Images for object localization
· · ·
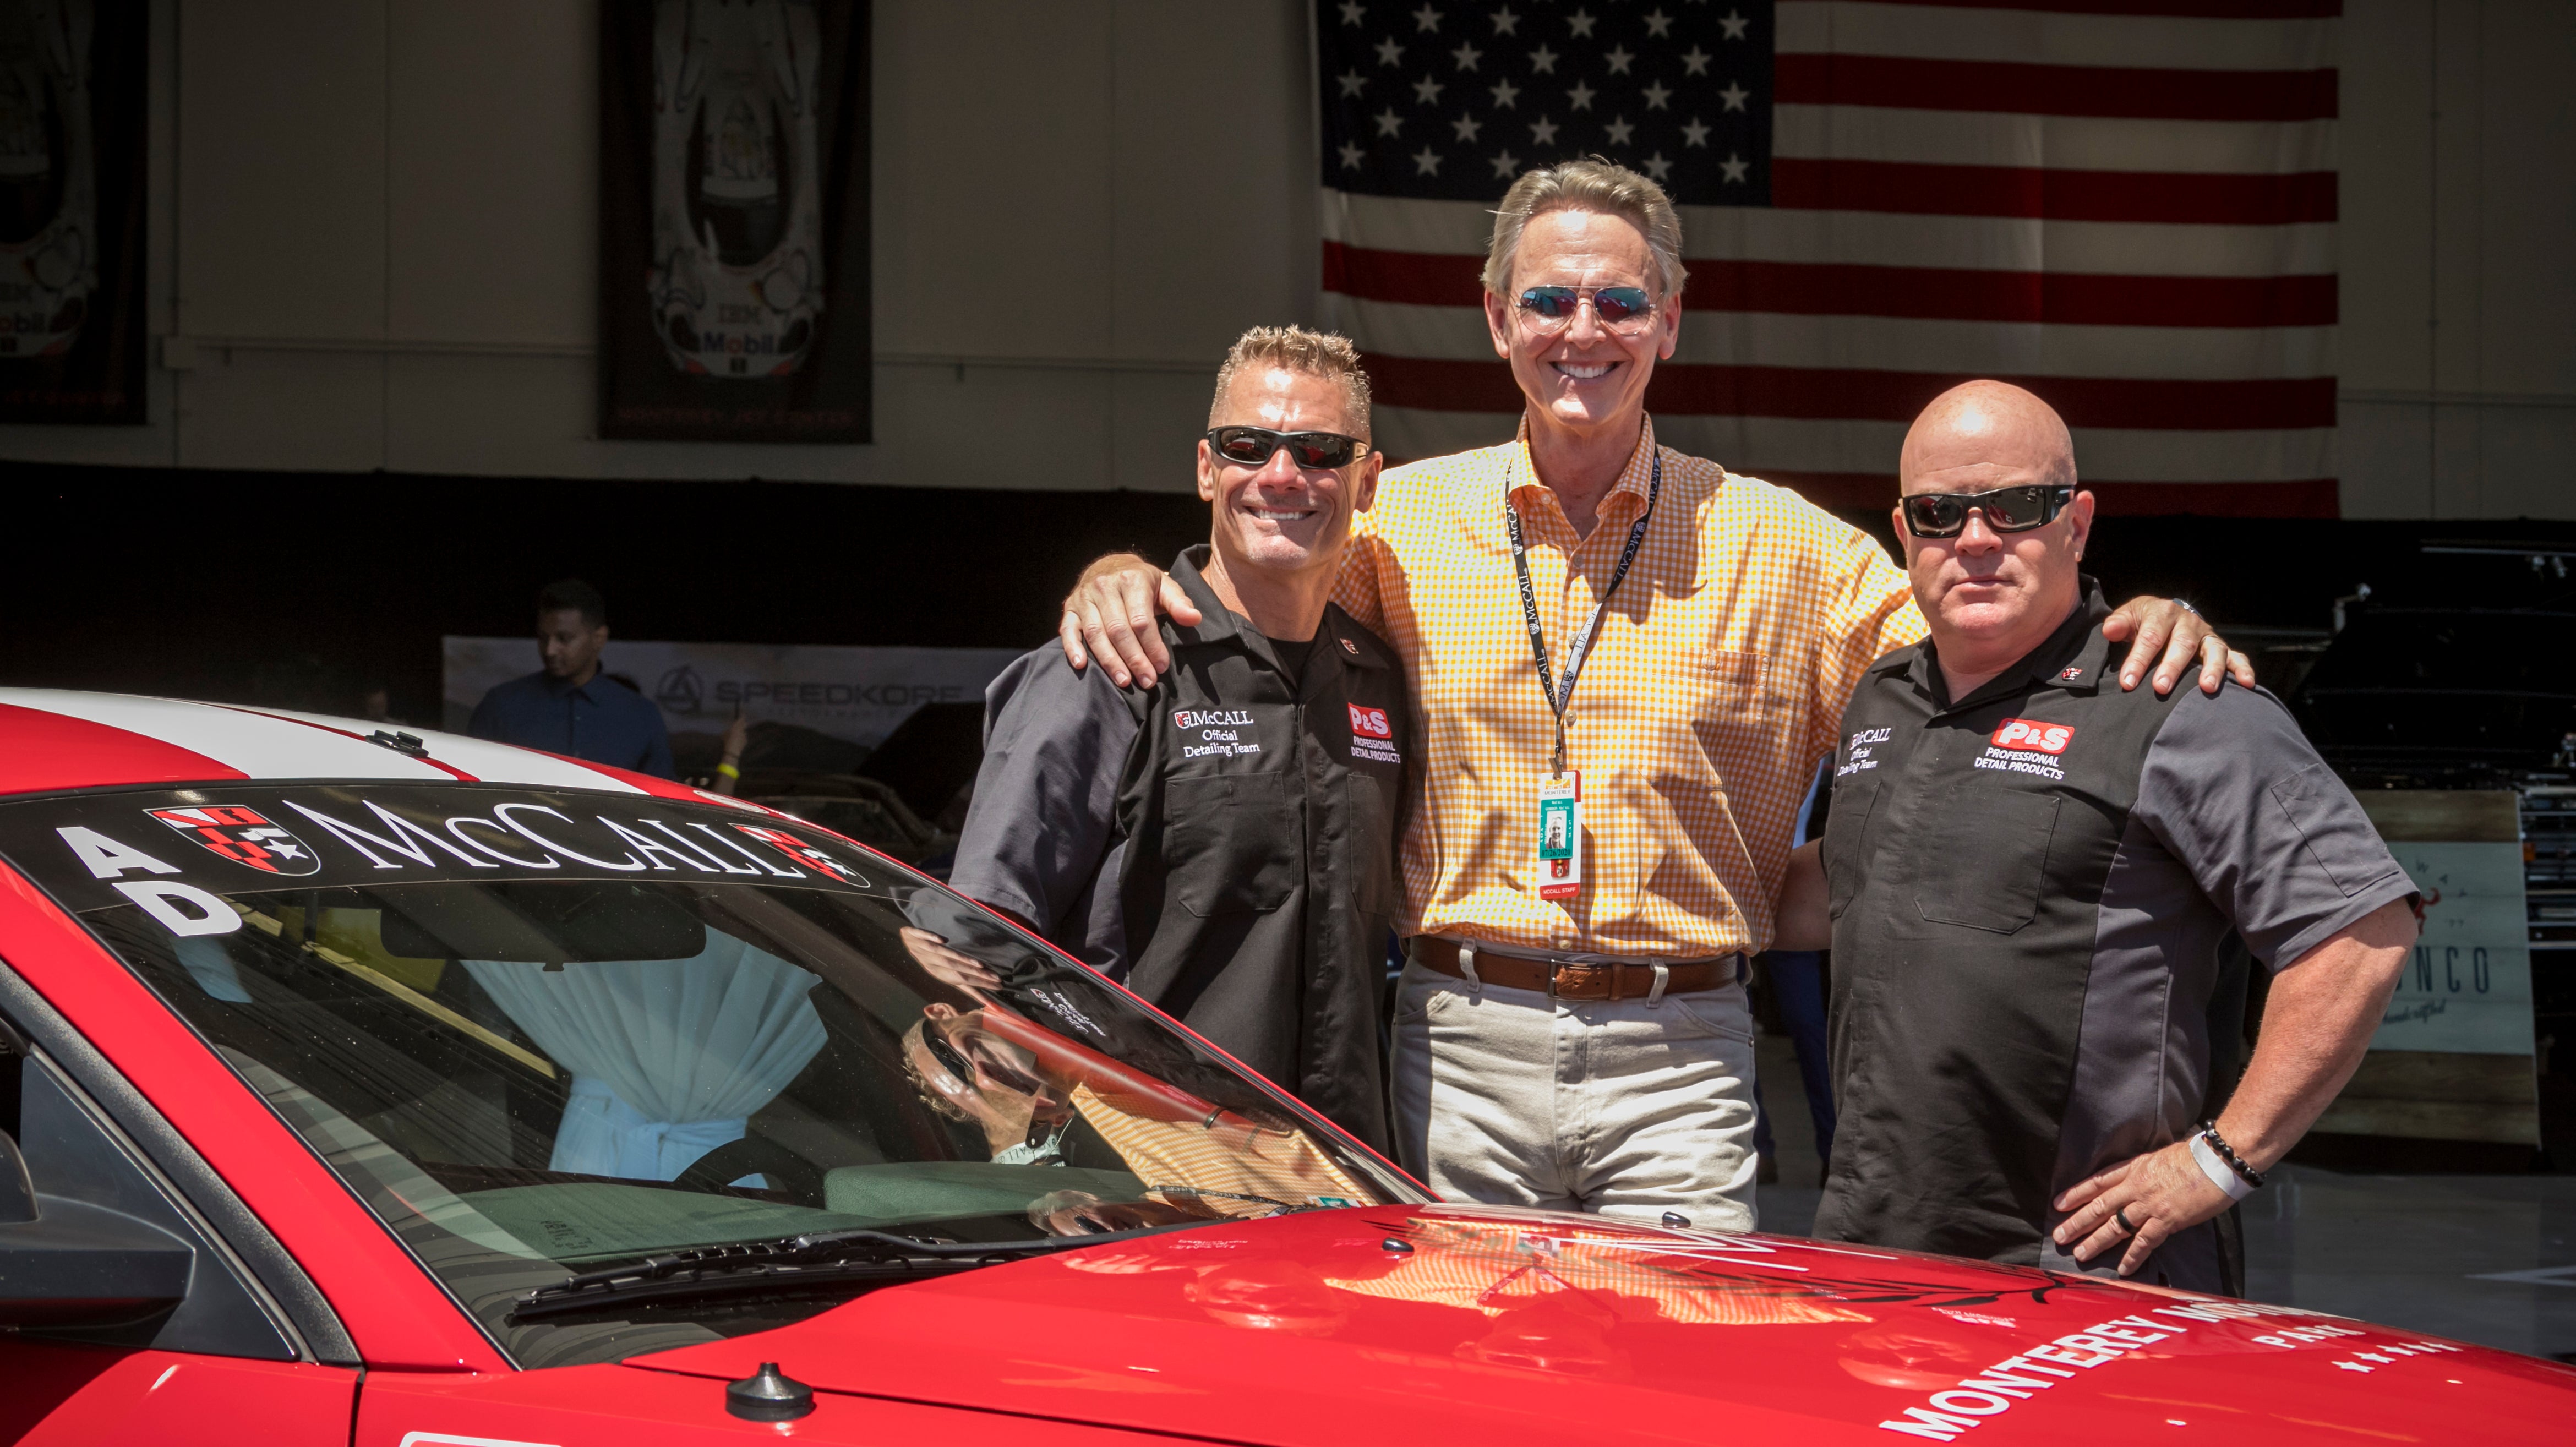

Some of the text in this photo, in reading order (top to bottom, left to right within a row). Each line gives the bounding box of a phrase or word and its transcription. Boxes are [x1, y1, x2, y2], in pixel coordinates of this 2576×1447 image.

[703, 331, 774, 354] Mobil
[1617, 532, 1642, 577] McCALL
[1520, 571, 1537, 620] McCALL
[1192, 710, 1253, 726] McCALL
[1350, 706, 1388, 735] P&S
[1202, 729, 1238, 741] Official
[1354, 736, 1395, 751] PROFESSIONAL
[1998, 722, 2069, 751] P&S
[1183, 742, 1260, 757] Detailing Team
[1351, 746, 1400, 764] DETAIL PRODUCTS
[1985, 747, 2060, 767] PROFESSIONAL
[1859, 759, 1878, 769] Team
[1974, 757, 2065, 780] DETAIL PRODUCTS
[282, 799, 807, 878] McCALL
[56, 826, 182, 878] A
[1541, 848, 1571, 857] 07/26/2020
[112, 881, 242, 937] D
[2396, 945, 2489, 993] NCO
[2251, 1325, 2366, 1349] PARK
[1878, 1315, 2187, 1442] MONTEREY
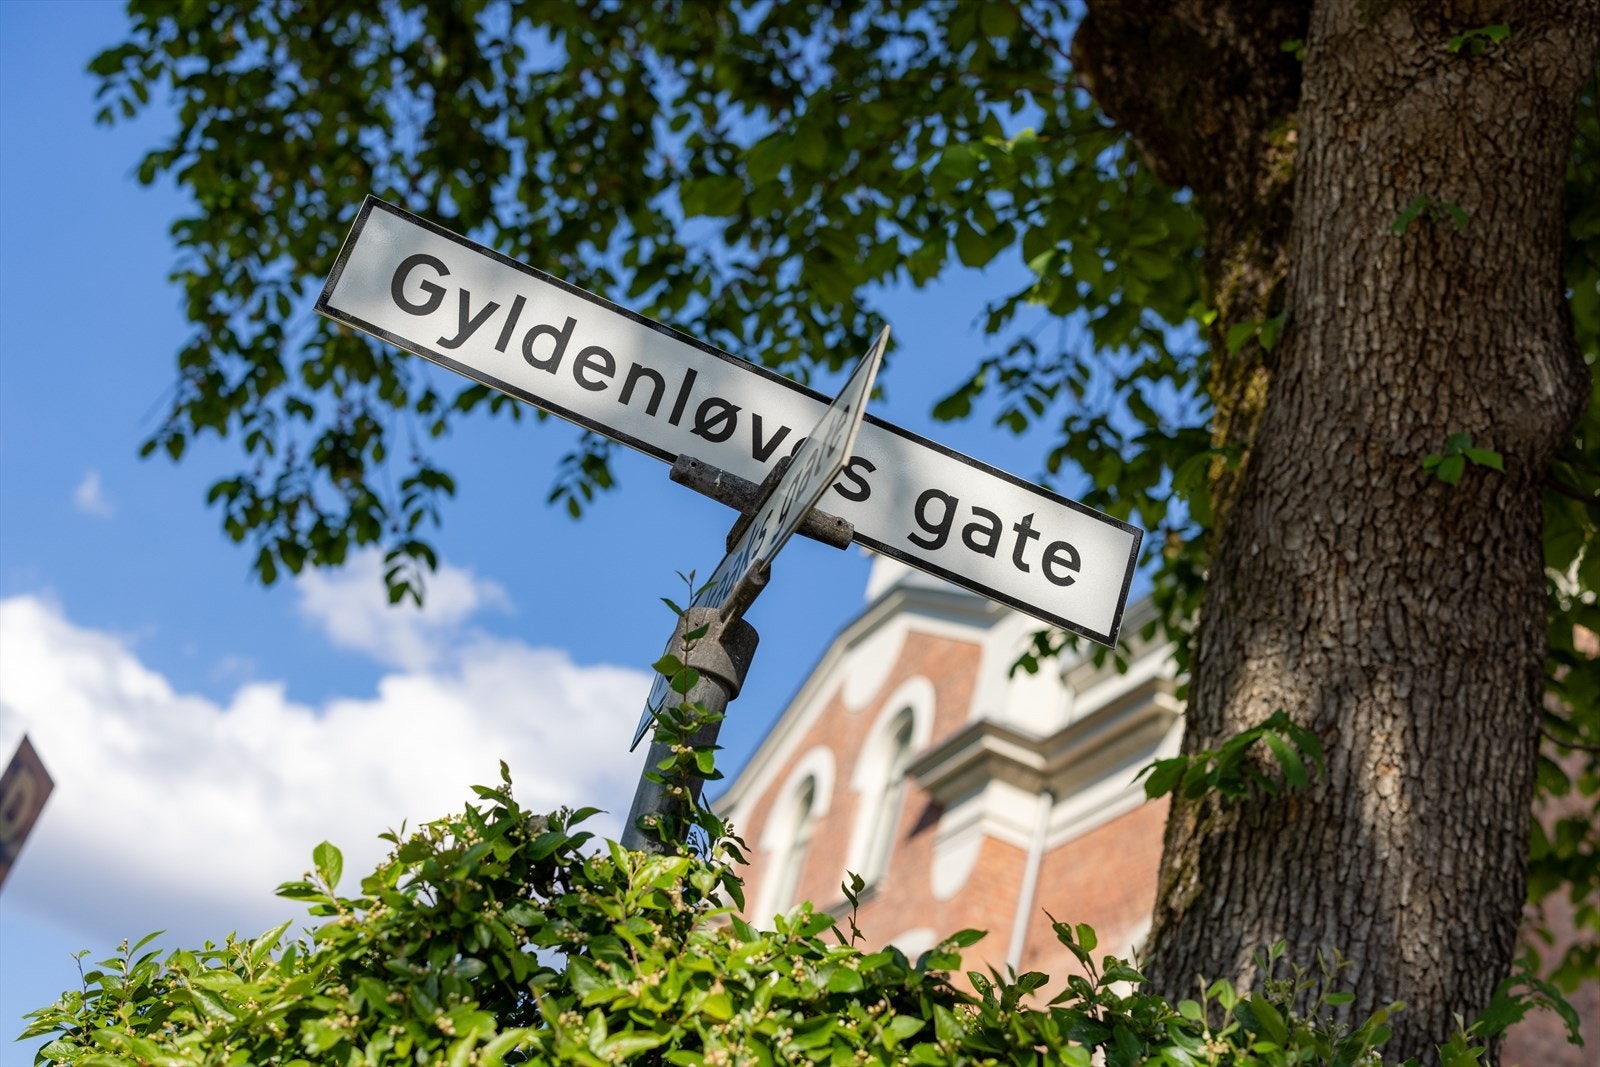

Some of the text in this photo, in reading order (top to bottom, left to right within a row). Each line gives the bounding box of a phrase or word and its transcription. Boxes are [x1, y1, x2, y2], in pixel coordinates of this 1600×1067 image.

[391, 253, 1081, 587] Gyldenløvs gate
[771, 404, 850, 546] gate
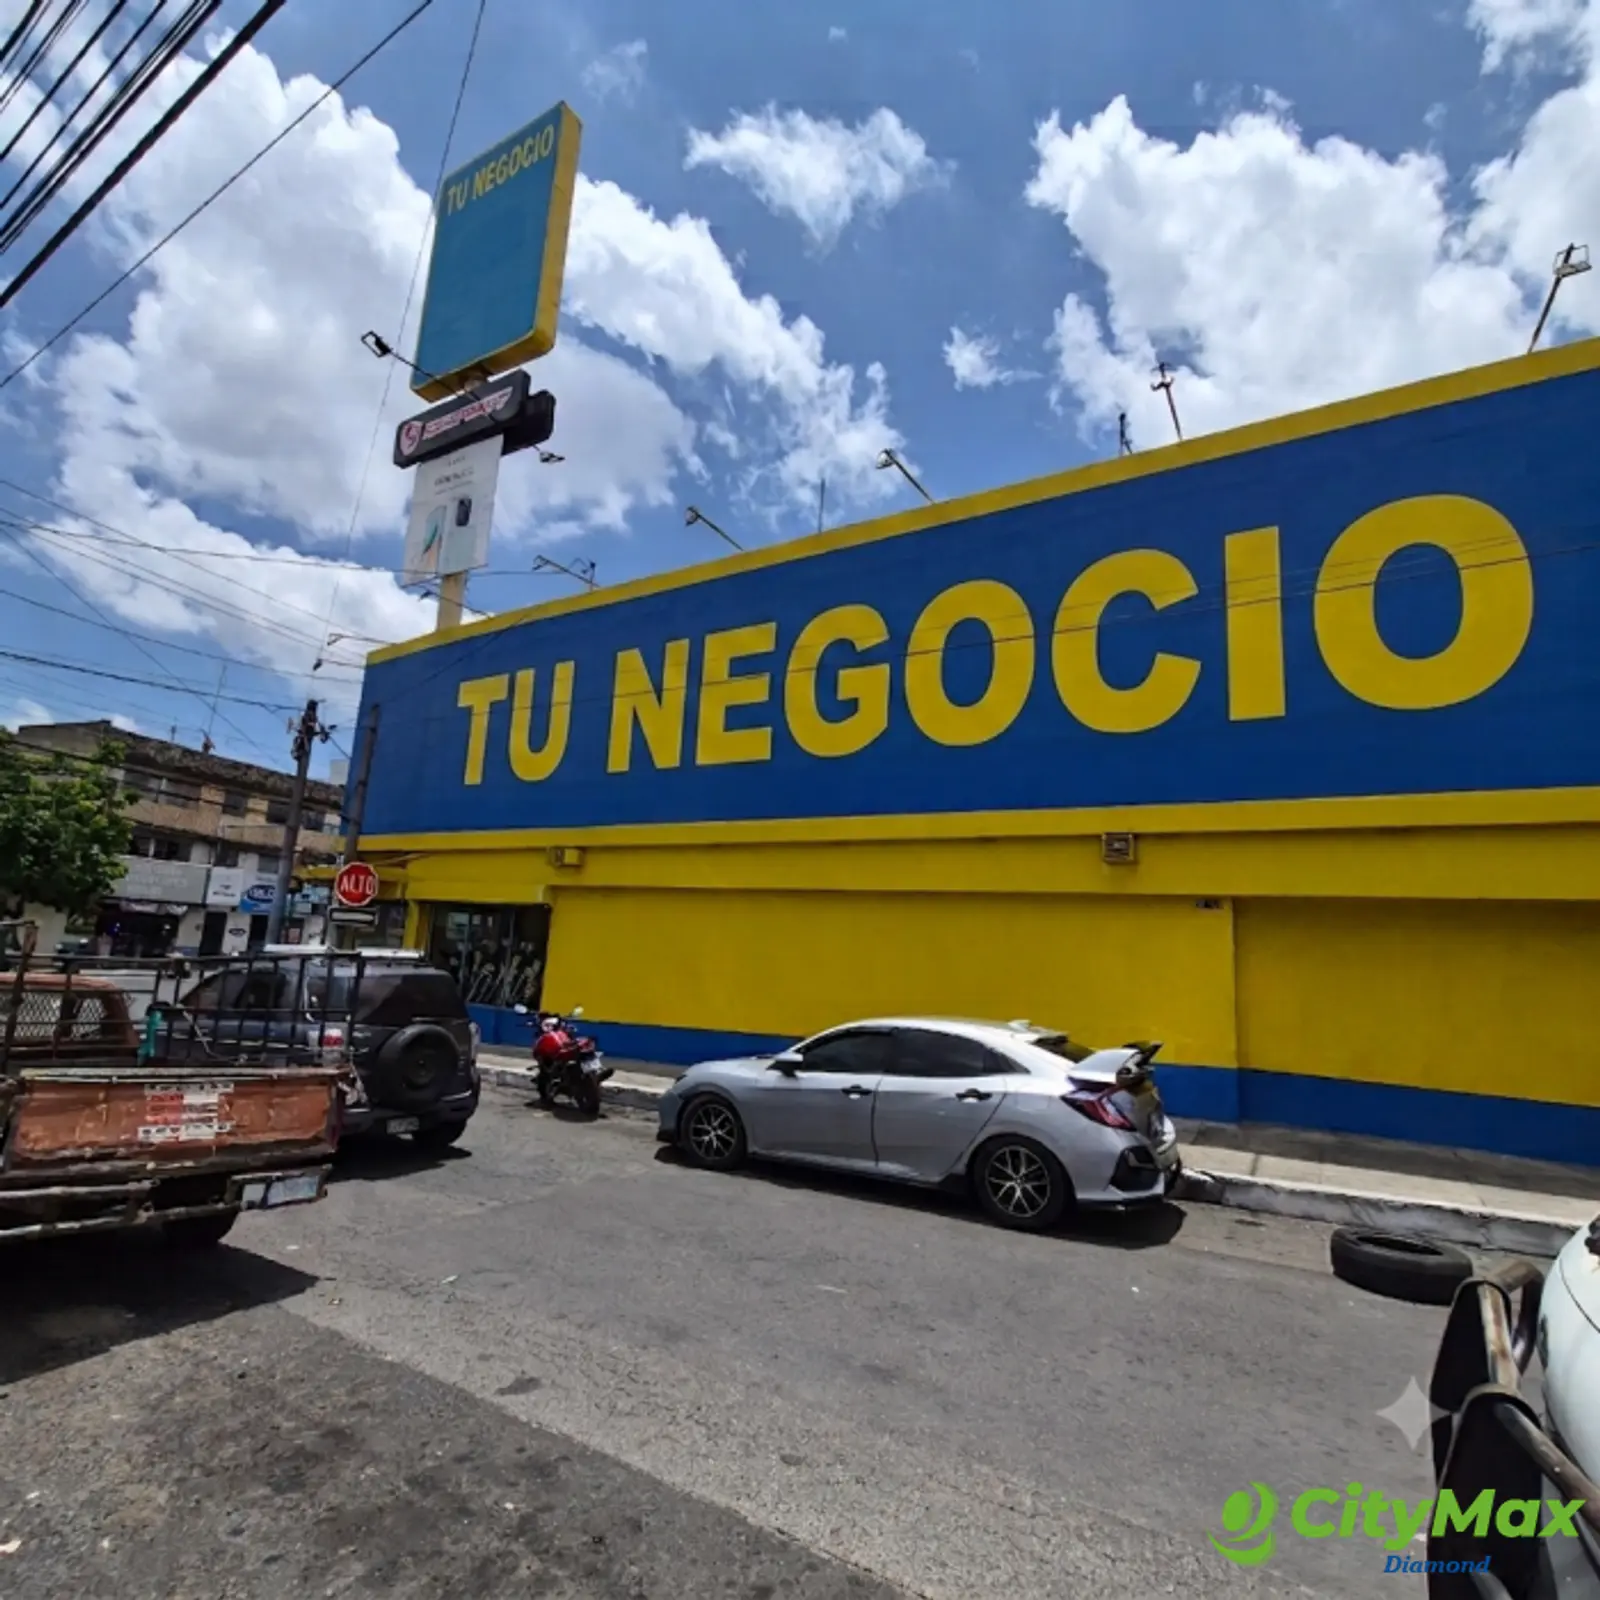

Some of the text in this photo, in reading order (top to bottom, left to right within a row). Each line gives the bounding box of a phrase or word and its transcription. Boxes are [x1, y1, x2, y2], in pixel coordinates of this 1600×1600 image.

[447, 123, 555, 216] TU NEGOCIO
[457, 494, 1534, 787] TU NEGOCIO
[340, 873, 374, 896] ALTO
· · ·
--- What you need to do ---
Leaving the pictures out, reproduce the entries above exactly.

--- Response to the task ---
Some of the text in this photo, in reading order (top to bottom, left to right within a row). Each line gives the bounding box of a phrase or word and its transcription. Boxes are [x1, y1, x2, y2], in pixel coordinates of this 2576×1447 image.

[703, 331, 774, 354] Mobil
[1617, 532, 1642, 577] McCALL
[1520, 571, 1537, 620] McCALL
[1192, 710, 1253, 726] McCALL
[1350, 706, 1388, 735] P&S
[1202, 729, 1238, 741] Official
[1354, 736, 1395, 751] PROFESSIONAL
[1998, 722, 2069, 751] P&S
[1183, 742, 1260, 757] Detailing Team
[1351, 746, 1400, 764] DETAIL PRODUCTS
[1985, 747, 2060, 767] PROFESSIONAL
[1859, 759, 1878, 769] Team
[1974, 757, 2065, 780] DETAIL PRODUCTS
[282, 799, 807, 878] McCALL
[56, 826, 182, 878] A
[1541, 848, 1571, 857] 07/26/2020
[112, 881, 242, 937] D
[2396, 945, 2489, 993] NCO
[2251, 1325, 2366, 1349] PARK
[1878, 1315, 2187, 1442] MONTEREY

Some of the text in this photo, in reading order (top to bottom, left to right within a row). Each line gives the bounding box of a phrase or word and its transcription. Boxes are [x1, y1, x2, y2], in pixel coordinates of this 1600×1067 image.

[391, 253, 1081, 587] Gyldenløvs gate
[771, 404, 850, 546] gate

Some of the text in this photo, in reading order (top to bottom, left to right within a row). Each line gives the bounding box of a phrase or word and its transcription. Boxes are [x1, y1, x2, y2], in pixel coordinates of this 1600×1600 image.

[447, 123, 555, 216] TU NEGOCIO
[457, 494, 1534, 787] TU NEGOCIO
[340, 873, 374, 896] ALTO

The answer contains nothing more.